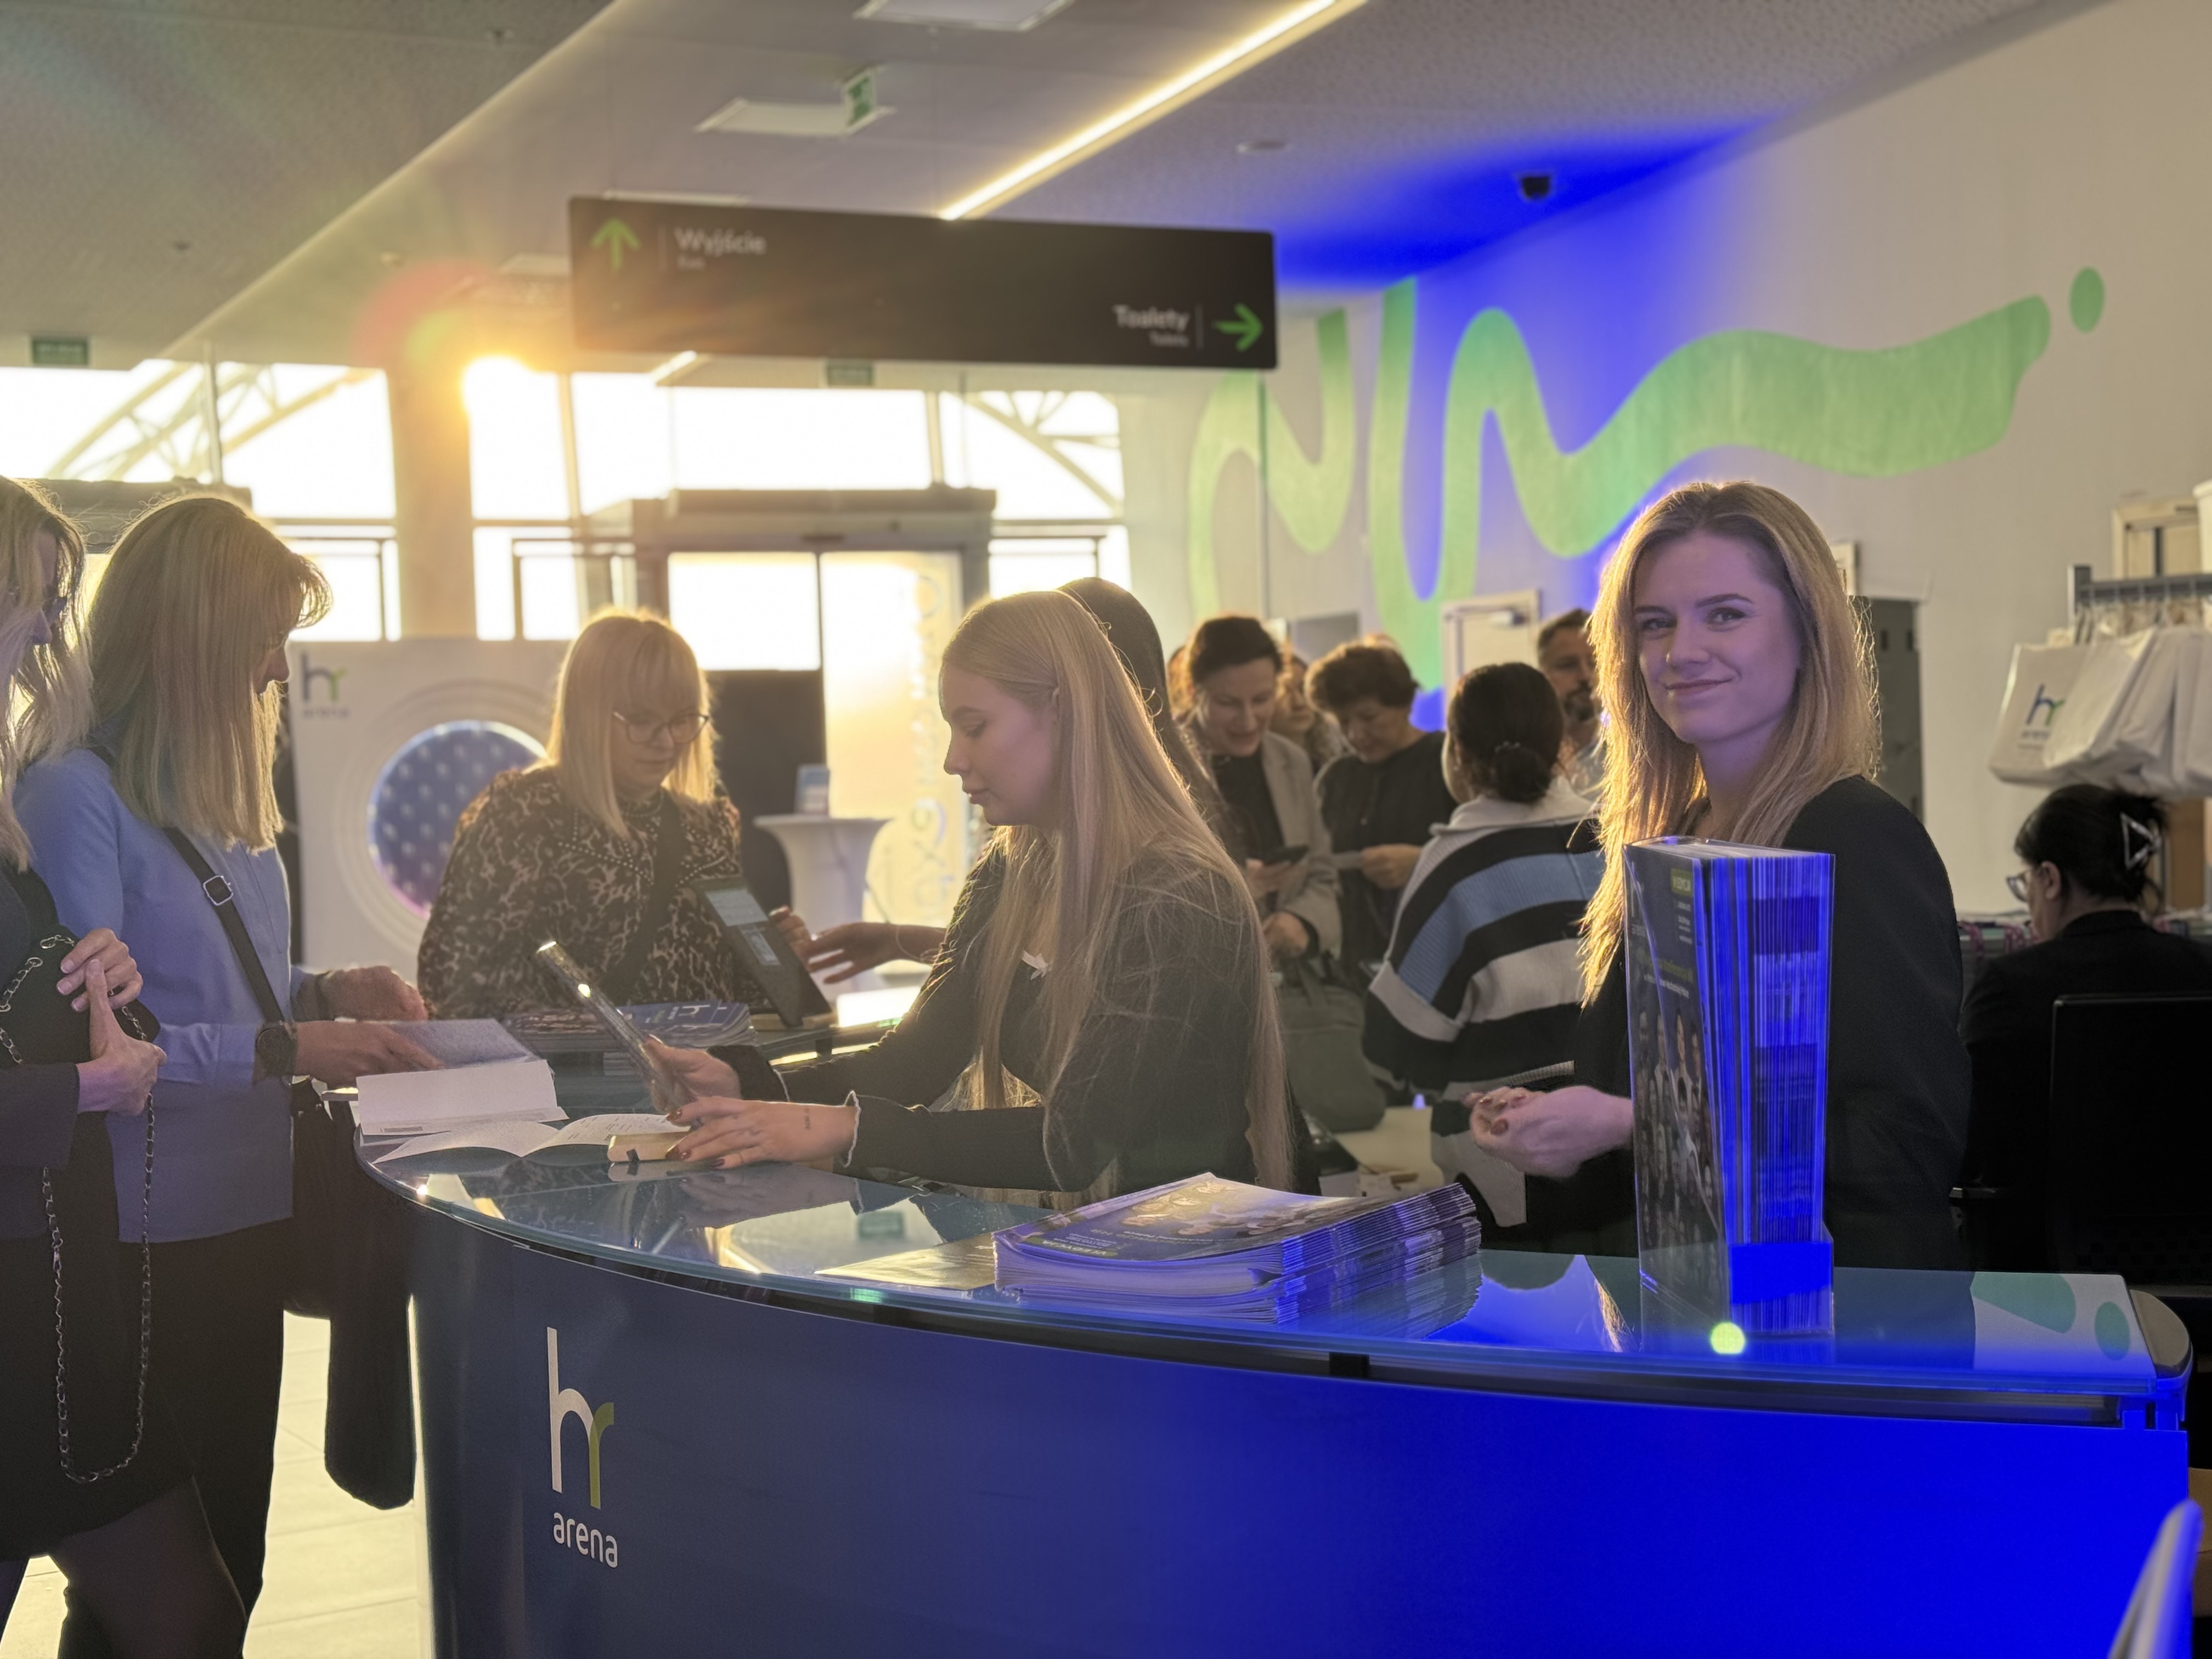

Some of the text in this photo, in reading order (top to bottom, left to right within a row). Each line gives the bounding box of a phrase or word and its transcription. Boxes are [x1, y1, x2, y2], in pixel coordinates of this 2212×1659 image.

[674, 228, 766, 257] Wyjście
[1113, 304, 1189, 332] Toalety
[547, 1327, 614, 1510] hr
[553, 1512, 618, 1568] arena

» **Exercise prompt**
Output all of the data exactly. Skip the pictures.

» **Answer section**
Some of the text in this photo, in reading order (top to bottom, left to right within a row). Each line gives the bounding box of a phrase or word and its transcription. Boxes are [x1, y1, x2, y2], in pixel coordinates of this 2212×1659 image.

[674, 228, 766, 257] Wyjście
[1113, 304, 1189, 332] Toalety
[547, 1327, 614, 1510] hr
[553, 1512, 618, 1568] arena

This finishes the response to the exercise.